The number of studies included is limited as only studies addressing the safety of KOA treatment with ≥12 months of follow-up were included. Thus, short term benefits and studies which did not specifically assess safety were excluded. This limitation is acknowledged as there are good studies that look at short and long-term outcomes including side effects of treatment that don’t specifically discuss safety that have been omitted by the search strategy. Furthermore, a complete picture of a treatment should ideally consider both short and long term. However, given patients typically live approximately 30-years with the disease, it is important to develop an evidence-based understanding of the long-term harms of treatments is important to ensure patient safety.

Conclusion

KOA management algorithms should shift from a short-term viewpoint to a long-term one, with a focus on the long-term safety and efficacy of currently available treatment options, to enable improved clinical acumen in managing KOA.

Many commonly used KOA treatments have harmful effects in the longer-term. NSAIDs increase the risk of gastrointestinal, renal and cardiovascular side effects.
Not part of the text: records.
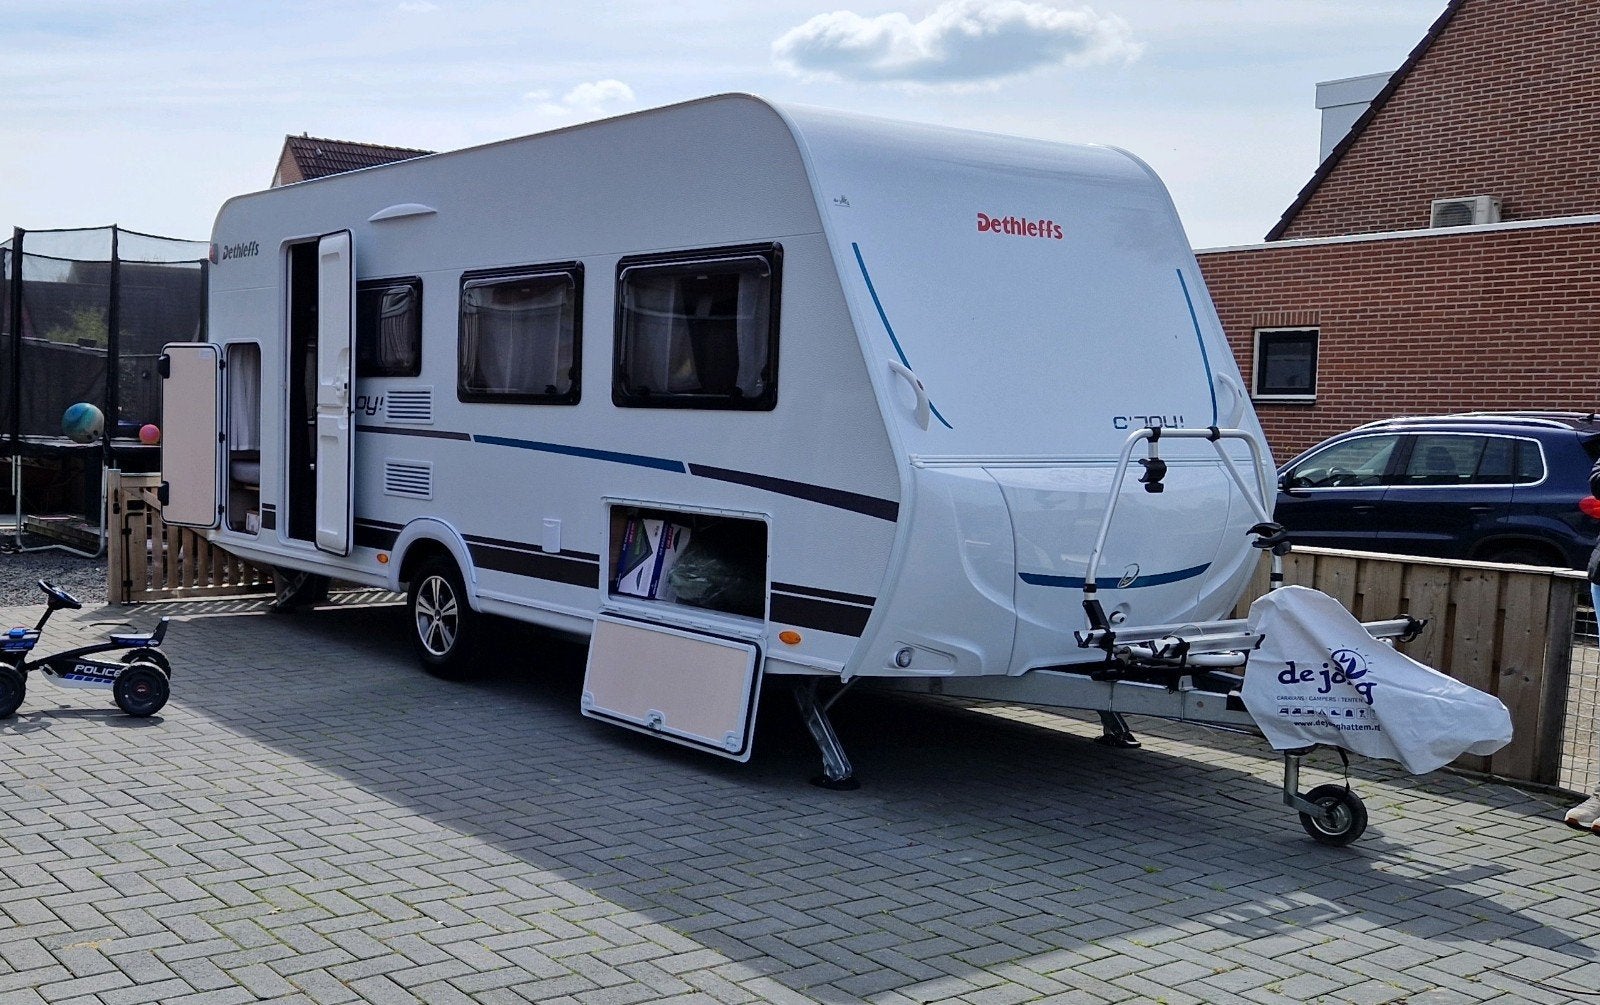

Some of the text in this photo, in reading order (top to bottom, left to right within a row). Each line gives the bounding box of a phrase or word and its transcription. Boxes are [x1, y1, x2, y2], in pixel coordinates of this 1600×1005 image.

[977, 212, 1063, 240] Dethleffs
[222, 240, 260, 260] Dethleffs
[73, 664, 121, 678] POLICE
[1277, 660, 1378, 706] de jog
[1308, 695, 1337, 703] CAMPERS
[1341, 696, 1364, 704] TENTEN
We could locate no evidence regarding the risks of long-term harm (addiction, overdose and death) attributable to opiate treatments in patients with KOA. Surgery is associated with risks of medical complications such as deep vein thrombosis and infection however in late-stage disease can be justified by the efficacy of joint replacement; whilst use of knee arthroscopies cannot be justified.

Exercise and weight loss are both safe and effective for long-term treatment and these should be advocated in all patients. To supplement these lifestyle modifications, the judicious use of analgesia, intra-articular injections of cortisone and consideration of hyaluronic acids and platelet-rich plasma are recommended for symptomatic relief in KOA.